I managed to pick up the latest release of Suse 10.1 late Thursday via Bit Torrent, and installed it early Saturday morning on the Gateway M685. As always, the first thing that anyone should do after downloading and burning ISOs is to verify the integrity of the CDs created from them. This time I burned two coasters using a bad image for CD 4 (delivered via Bit Torrent). I had to hit the Open Suse website and explicitly download a new image for CD 4. That one burned a proper CD.

The installation over Beta 9 went without any incidents. I did not perform an upgrade. As with Beta 9 the SATA drive was properly recognized. What's more RC-1 defaulted to using the root and /home partitions I'd created under Beta 9 as the installation targets. The only thing I had to do was to select no formating for /home and the use of ext3 instead of Reiser for the root filesystem format.
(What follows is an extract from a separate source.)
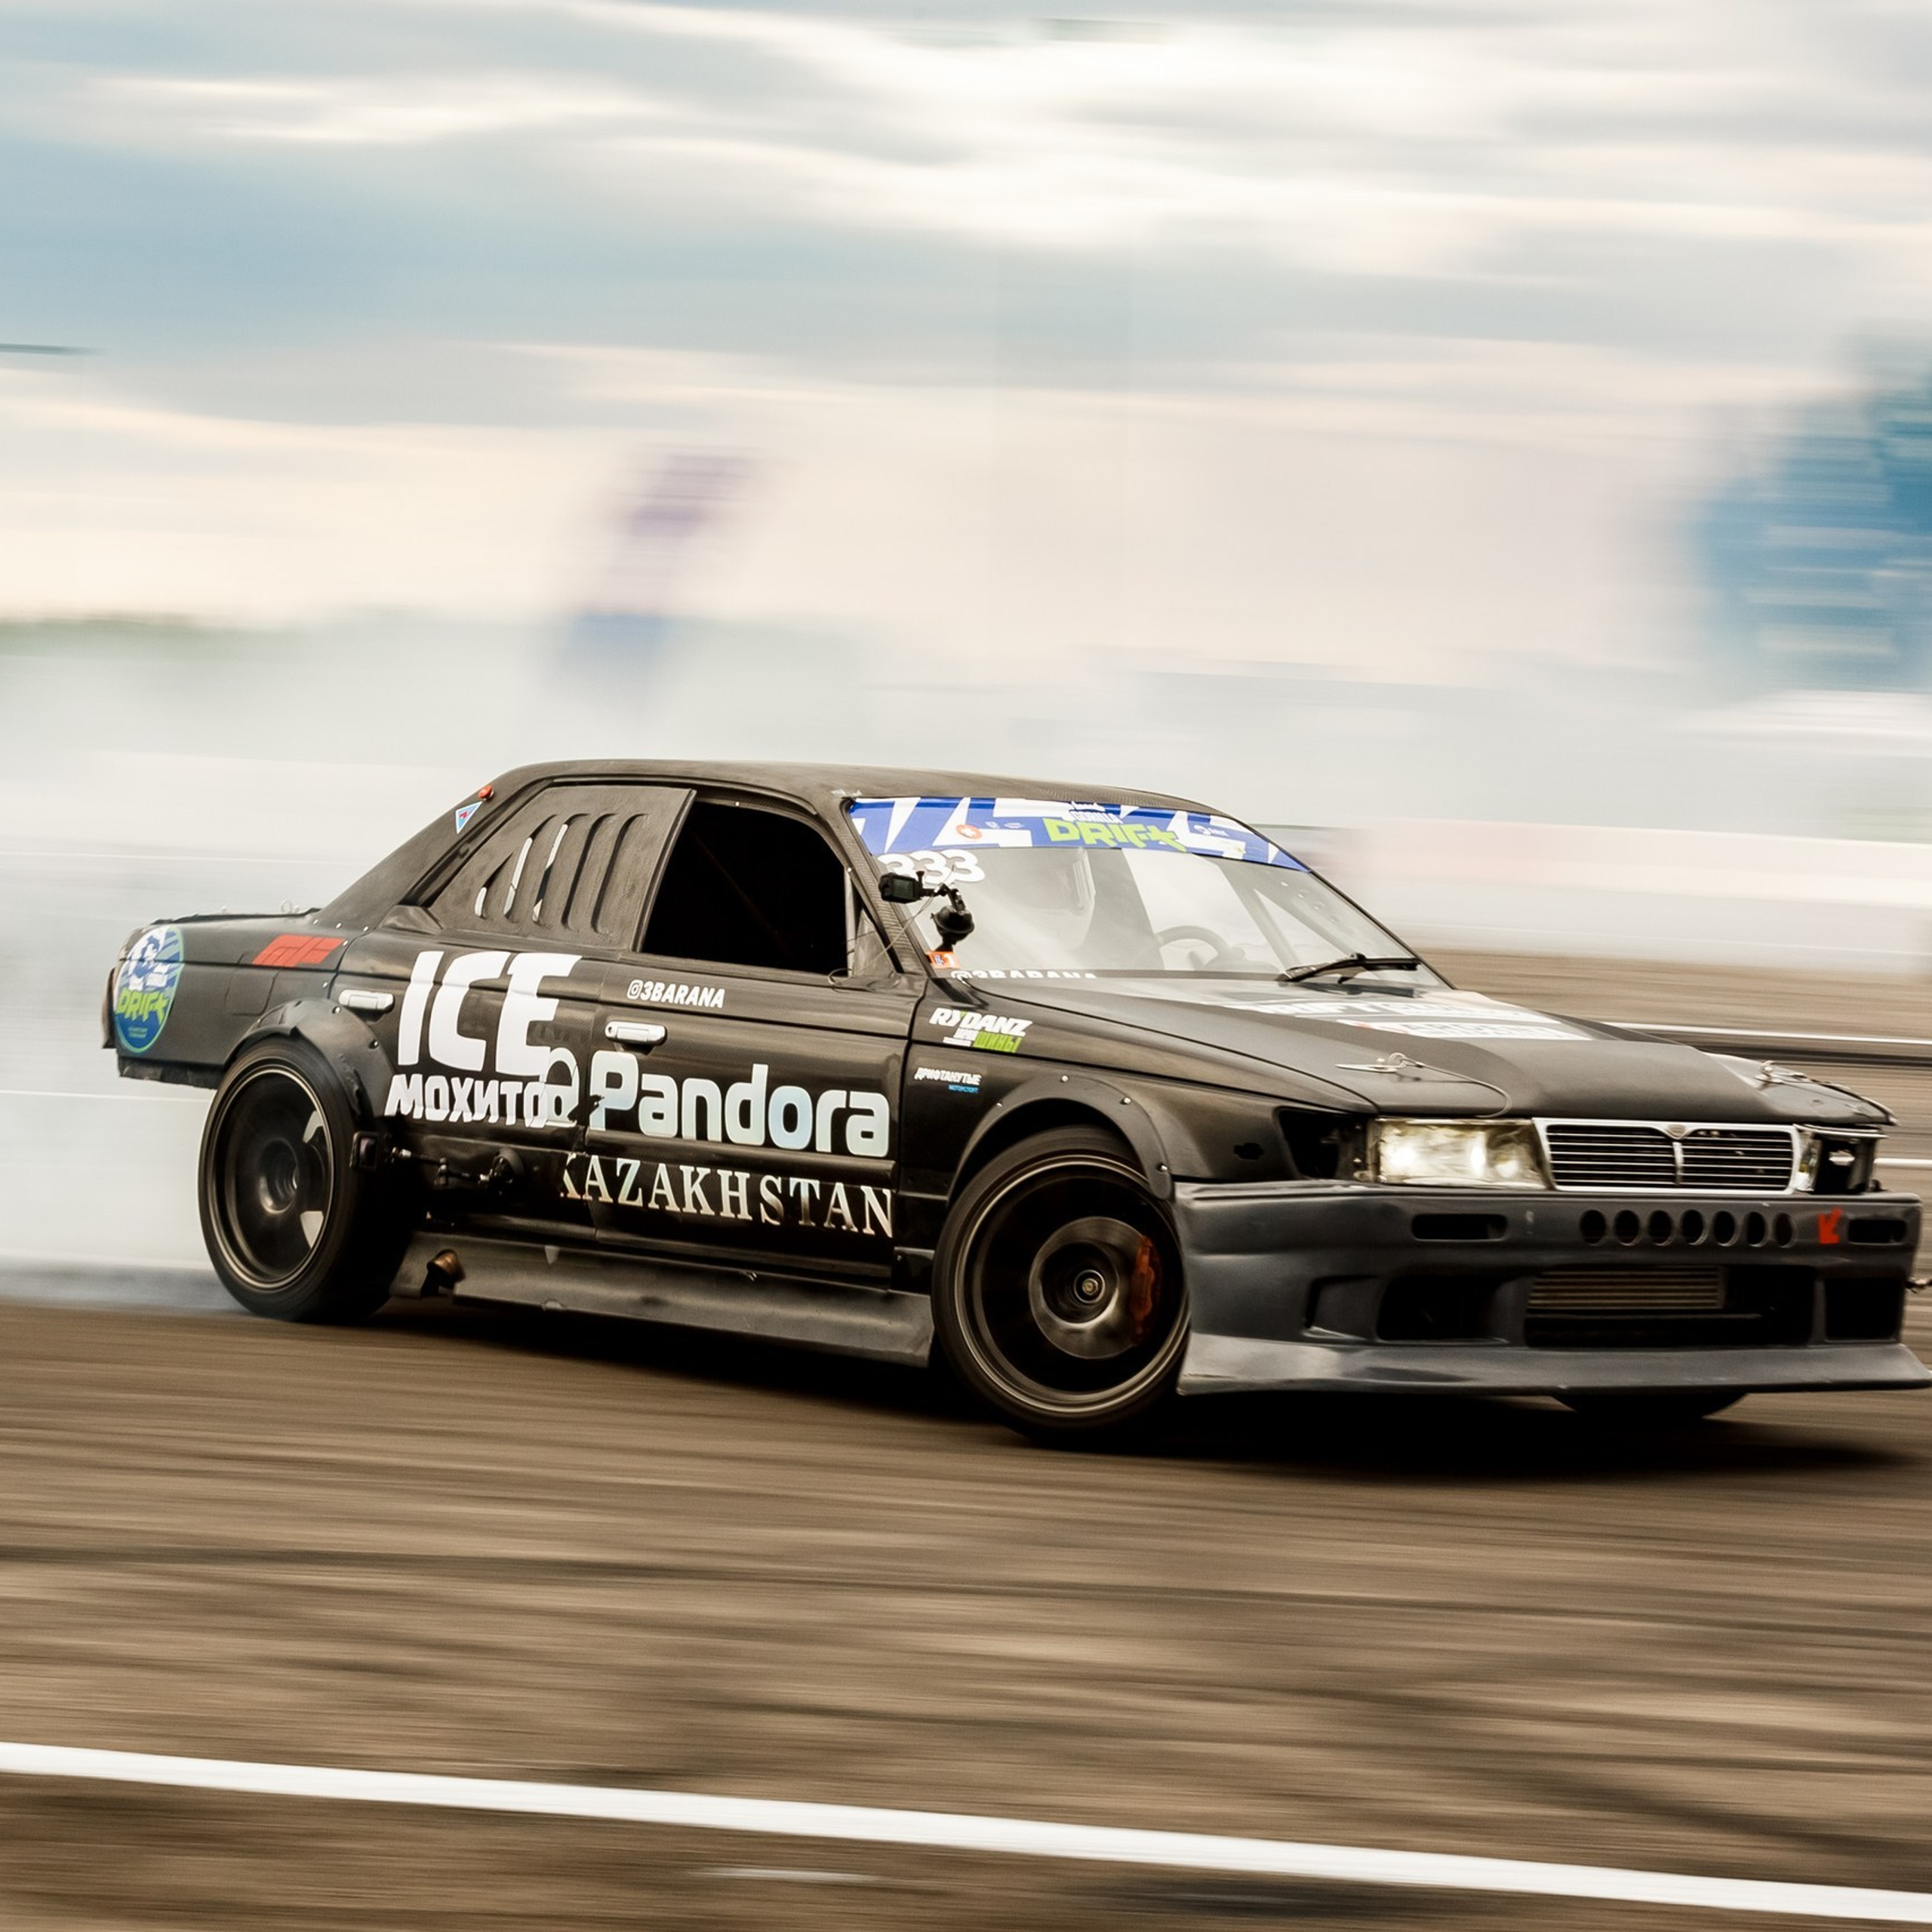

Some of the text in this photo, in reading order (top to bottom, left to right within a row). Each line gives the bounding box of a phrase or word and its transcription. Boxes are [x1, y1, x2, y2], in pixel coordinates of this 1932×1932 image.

Installation took about 45 minutes for the entire system. It detected all the hardware, and as before, it allowed me to select the proper screen resolution. After the final startup into the system, the screen Just Worked. I attribute this easy screen setup to having nVidia graphics instead of ATI. Xorg seems to work better with nVidia-based graphics systems out-of-the-box. What follows next are my experiences with various features.
  • Both desktops are very solid and polished. KDE and Gnome were visually cleaned up between Beta 9 and RC-1, especially Gnome. Right now I'm using Gnome as my default desktop.
  • Screen resolution for 2D has always been correct for this distribution on this notebook. For 3D acceleration I downloaded and installed the latest nVidia Linux driver (8756). That was an interesting experience. I had to drop from graphics/X11 mode (init 5) to pure text (init 3), then run the combination script/installation application. Installation, while in text mode, was extremely smooth. I simply started it, selected 'Yes' on a few questions, and it built and installed the driver for this distributions kernel. I then rebooted the notebook and it came back up in 3D acceleration mode. ATI drivers are supplied as RPMs and can be installed under X in a shell. The ATI driver is invoked by logging out and logging back in again. I give a slight nod towards ATI since the driver is supplied as an RPM, but not by much.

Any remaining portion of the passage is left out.